On Mon, 11 Oct 2010 11:27:45 +0400
Dmitry-T <dmitr...@yandex.ru> wrote:

> 11.10.10, 08:46, "Tomas Bodzar" <tomas.bod...@gmail.com>:
> 
> >  6) Did you test it on real OpenBSD, real HW and latest release or snapshot?


>http://bsdanywhere.org/faq
>" What is the primary focus of BSDanywhere?
>A mostly __unmodified__ OpenBSD kernel and userland...."

I believe (if it's the right one) that it was meant to make it easier to
give openbsd a go.

> 
> I'm search stable and secure OS. 

>For check renice, run renice -20 for last dd - OpenBSD froze, even
>mouse.
renice works just fine

>It is not secure. One script or program may load CPU and 
>database or another servers lost speed in disk operations.

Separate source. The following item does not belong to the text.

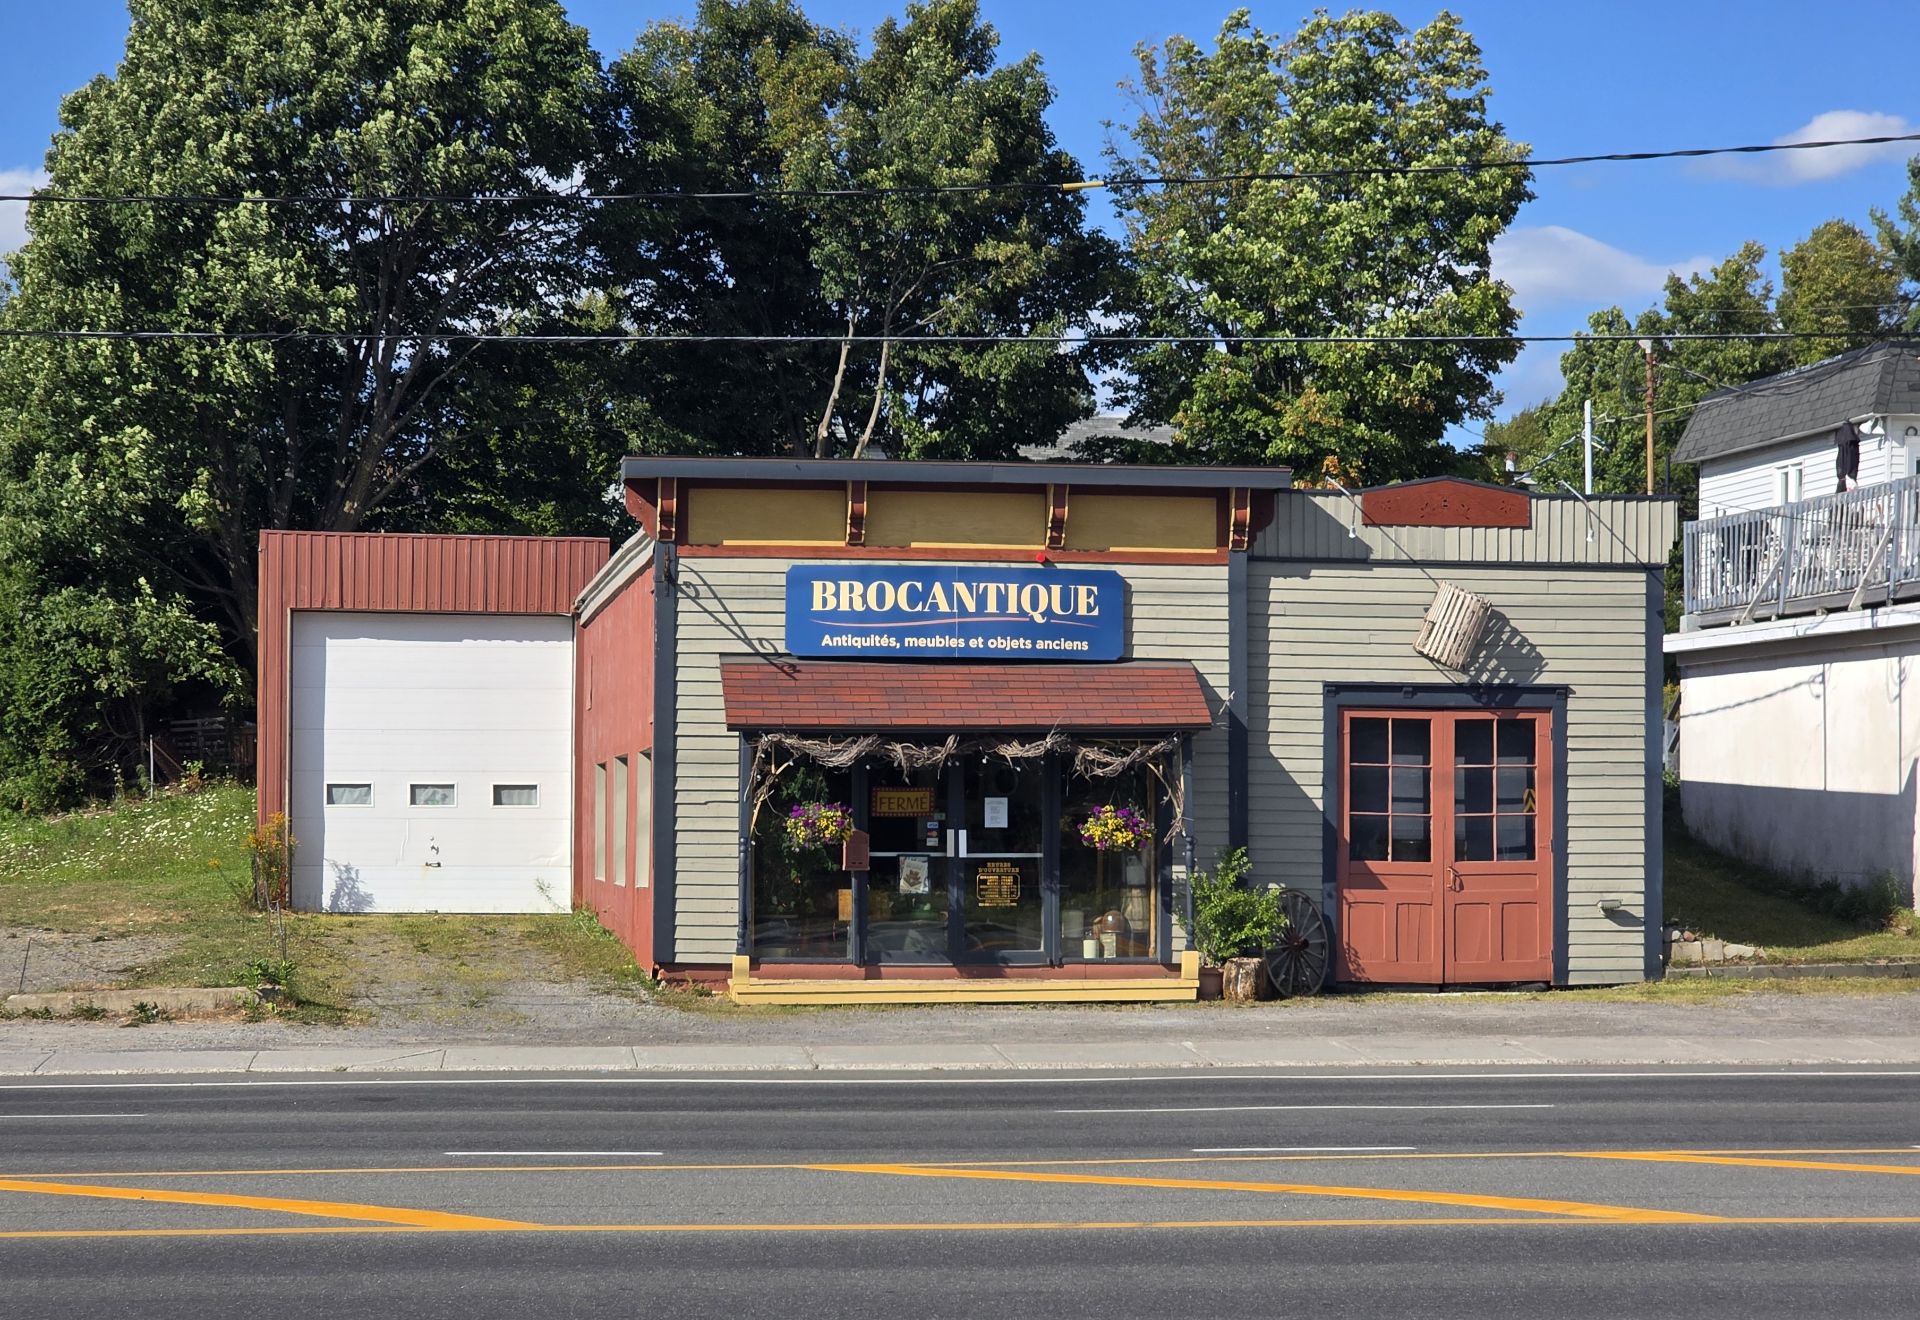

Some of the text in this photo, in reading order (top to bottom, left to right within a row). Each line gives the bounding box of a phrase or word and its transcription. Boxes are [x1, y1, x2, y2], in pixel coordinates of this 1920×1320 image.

Even if renice did have that affect you need to be root to drop it to
-20 so why shouldn't root be able to use all resources, roots the only
user that can fill your disks (at default) completely too.

Security, stability and integrity are very different things often
working against each other. OpenBSD is definately the most secure by a
long way as that is it's primary goal and as it can go for long periods
easily without updates, likely the most stable. One OpenBSD specific
example of security and integrity contradicting each other is that the
security protections can actually make programs such as firefox more
likely to crash (arguably less stable) because of bugs in these
programs that are tolerated by other os. This leads to fixing these
bugs, making those programs more secure and stable. If you need the
latest flash content and the easiest install and maintenance, then
OpenBSD isn't for you.

> I'm test: my work Mac OS X 10.6.3, FreeBSD 8.1 on livecd 
> frenzy-1.3-ju-release-rus, my home Linux Debian - renice work more correct.
> Why renice algorithm depends from hardware and why I need install OS on HDD?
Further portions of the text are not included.